Health care quality improvement metrics
A science currently in its infancy is changing America’s health care system for the better. That science is performance measurement, sometimes called clinical quality improvement. Via the development of clinical practice guidelines that measure the quality of care delivery against rigorous evidence-based standards, the American health care system will eventually base compensation on the actual quality of care provided, not the amount.
The American health care system is unique in that payment traditionally has been tied to the amount of care provided, not necessarily the quality or effectiveness of that care. Based on the Medicare payment system that emerged in the 1960s, this system worked for a time, but now contributes directly to skyrocketing heath care costs. For example, there is currently a greater financial incentive for many doctors and hospitals to allow patients to get preventable hospital-acquired infections after surgery (because of the associated additional billing costs) than to prevent those infections. Another example includes the fact that Medicare will pay for diabetic leg amputations, but not for preventative wellness care for diabetics that would help avert those amputations.
About 15 years ago, a group of physicians, nurses and allied health professionals saw the disconnect between the American heath care payment system and quality of care, and decided to do something about it. With the cooperation of the Clinton administration, private insurers and consumer groups, the National Quality Forum was created in 1999—the first national organization dedicated to developing and endorsing clinical practice guidelines and performance measures. Other organizations soon followed, including the AMA Consortium for Quality Improvement, a cooperative organization made up of various medical specialty societies and administered by the American Medical Association, which is currently the only organization working to develop evidence-based clinical practice guidelines and performance measures by and for physicians. The federal government also took a more active role in the clinical quality and efficiency movement when it established the Agency for Healthcare Research and Quality (AHRQ), a division of the U.S. Department for Health and Human Services, in 2000.
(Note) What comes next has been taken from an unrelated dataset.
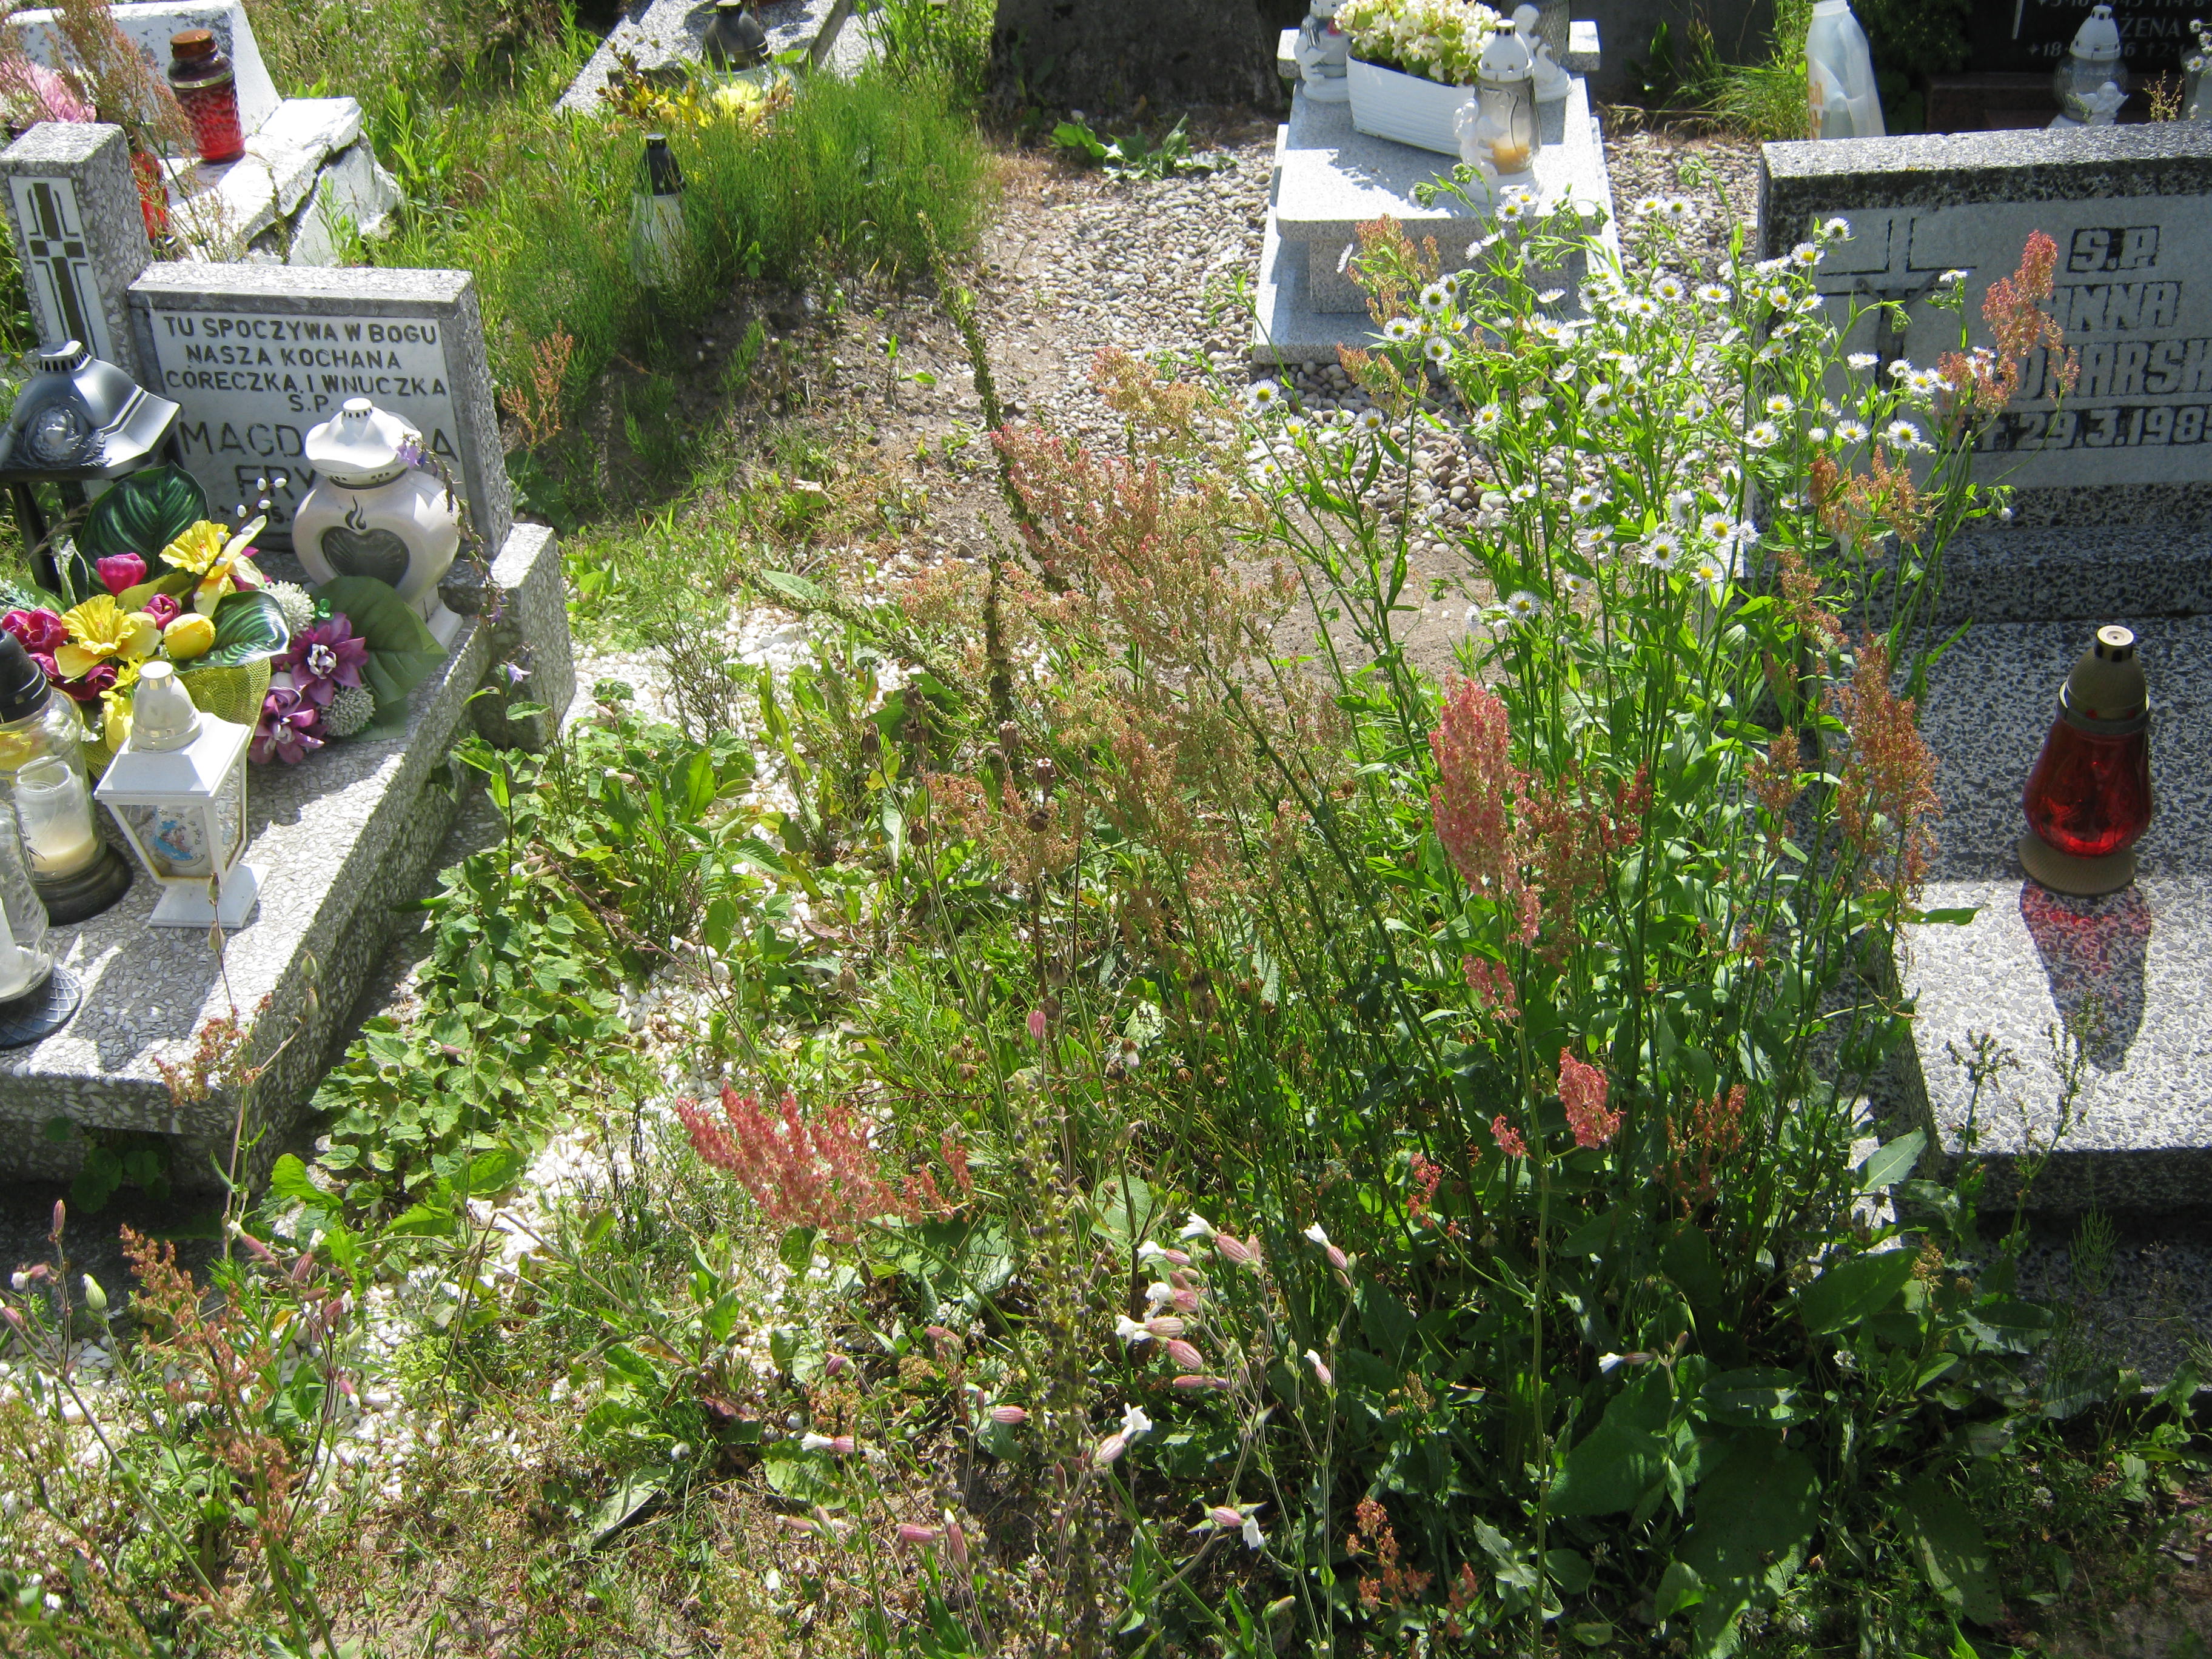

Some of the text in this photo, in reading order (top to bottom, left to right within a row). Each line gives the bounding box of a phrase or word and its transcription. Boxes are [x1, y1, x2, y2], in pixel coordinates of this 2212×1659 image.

As the clinical quality movement continued to grow, it ran up against plenty of institutional resistance. However, in time both private insurers and government programs like Medicare and Medicaid saw the potential benefit in tying reimbursement to the quality of care provided. By linking the health care payment system to adherence to established clinical practice guideline standards, private and public insurers could “pay for performance,” and not for quantity of services. (In other words, quality versus quantity.)
Performance measures are essentially algorithms developed against evidence-based practice guidelines, with targets tied to ICD-9 medical billing codes. These measures are developed and endorsed collaboratively via a variety of national organizations such as the National Quality Forum and AMA Consortium, among others. Large private insurers such as United Healthcare also have systems in place for developing and launching performance measures for their network physicians and hospitals, and these systems continue to grow and develop.
After years of resistance on the part of policymakers, “pay for performance” finally began to gain traction as part of the national health care reform movement. With the passage of The Affordable Care Act of 2010, public payors like Medicaid and Medicare will finally tie payment to performance against nationally endorsed clinical practice guidelines, with a strong emphasis on preventative care. The federal “pay for performance” measures will be rolled in gradually, but will eventually cover most care disciplines. In addition, the Act requires private insurers to cover 100% of standard preventative care procedures like mammograms, colonoscopies and well baby care, with no co-pays or deductibles, and also provides incentives for private insurers to adhere to nationally endorsed performance measures.
While in the past physicians were not compensated well (if at all) for doing preventative care, they now will have an opportunity to increase their potential earnings by doing just that. By shifting payment focus to preventative and wellness-based care, the American health care system is finally moving in the direction most other countries with universal health care have followed for decades.
References
The White House. (2010). The Affordable Care Act of 2010: About the new law.